An AI-based approach for detecting cells and microbial byproducts in low volume scanning electron microscope images of biofilms

Dilanga Abeyrathna; Md Ashaduzzaman; Milind Malshe; Jawaharraj Kalimuthu; Venkataramana Gadhamshetty; Parvathi Chundi; Mahadevan Subramaniam

doi:10.3389/fmicb.2022.996400

An AI-based approach for detecting cells and microbial byproducts in low volume scanning electron microscope images of biofilms

Front Microbiol. 2022 Dec 1:13:996400. doi: 10.3389/fmicb.2022.996400. eCollection 2022.

Authors

Dilanga Abeyrathna¹, Md Ashaduzzaman¹, Milind Malshe¹, Jawaharraj Kalimuthu², Venkataramana Gadhamshetty², Parvathi Chundi¹, Mahadevan Subramaniam¹

Affiliations

¹ Department of Computer Science, University of Nebraska, Omaha, NE, United States.
² Civil and Environmental Engineering Department, South Dakota School of Mines & Technology, Rapid City, SD, United States.

Abstract

Microbially induced corrosion (MIC) of metal surfaces caused by biofilms has wide-ranging consequences. Analysis of biofilm images to understand the distribution of morphological components in images such as microbial cells, MIC byproducts, and metal surfaces non-occluded by cells can provide insights into assessing the performance of coatings and developing new strategies for corrosion prevention. We present an automated approach based on self-supervised deep learning methods to analyze Scanning Electron Microscope (SEM) images and detect cells and MIC byproducts. The proposed approach develops models that can successfully detect cells, MIC byproducts, and non-occluded surface areas in SEM images with a high degree of accuracy using a low volume of data while requiring minimal expert manual effort for annotating images.
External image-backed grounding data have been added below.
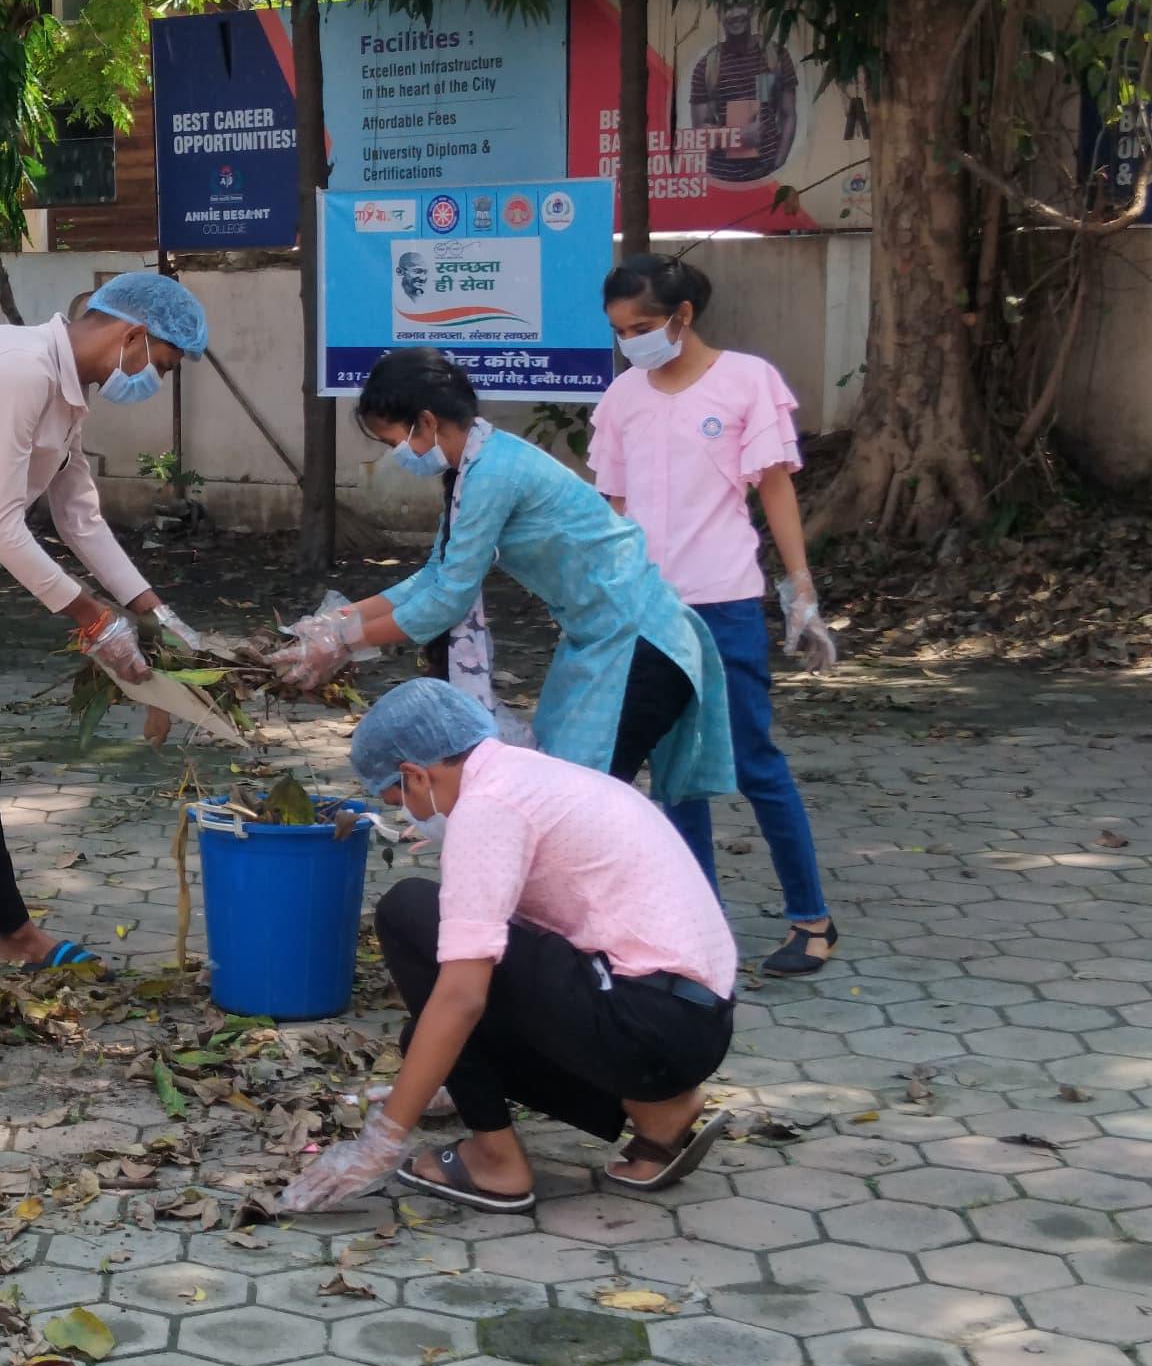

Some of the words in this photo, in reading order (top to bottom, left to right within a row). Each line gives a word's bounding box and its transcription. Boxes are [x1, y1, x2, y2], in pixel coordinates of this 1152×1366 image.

[360, 29, 461, 55] Facilities
[362, 64, 416, 80] Excellent
[420, 56, 503, 76] Infrastructure
[362, 85, 373, 100] in
[377, 82, 395, 99] the
[399, 82, 431, 97] heart
[434, 80, 446, 95] of
[449, 78, 468, 94] the
[472, 76, 497, 94] City
[172, 113, 210, 133] BEST
[214, 108, 274, 130] CAREER
[362, 113, 424, 131] Affordable
[428, 111, 457, 126] Fees
[173, 129, 297, 155] OPPORTUNITIES!
[363, 145, 422, 162] University
[426, 141, 477, 160] Diploma
[482, 139, 492, 154] &
[363, 165, 443, 182] Certifications
[184, 207, 221, 222] ANNIE
[435, 261, 501, 274] स्वच्छता
[435, 275, 454, 293] ही
[460, 276, 495, 291] सेवा
[484, 351, 550, 368] कॉलेज
We develop deep learning network pipelines involving both contrastive (Barlow Twins) and non-contrastive (MoCoV2) self-learning methods and generate models to classify image patches containing three labels-cells, MIC byproducts, and non-occluded surface areas. Our experimental results based on a dataset containing seven grayscale SEM images show that both Barlow Twin and MoCoV2 models outperform the state-of-the-art supervised learning models achieving prediction accuracy increases of approximately 8 and 6%, respectively. The self-supervised pipelines achieved this superior performance by requiring experts to annotate only ~10% of the input data. We also conducted a qualitative assessment of the proposed approach using experts and validated the classification outputs generated by the self-supervised models. This is perhaps the first attempt toward the application of self-supervised learning to classify biofilm image components and our results show that self-supervised learning methods are highly effective for this task while minimizing the expert annotation effort.

Keywords: Barlow twins; contrastive learning; deep learning; microbially induced corrosion; microscopy images; momentum contrast; scanning electron microscope; self-supervised learning.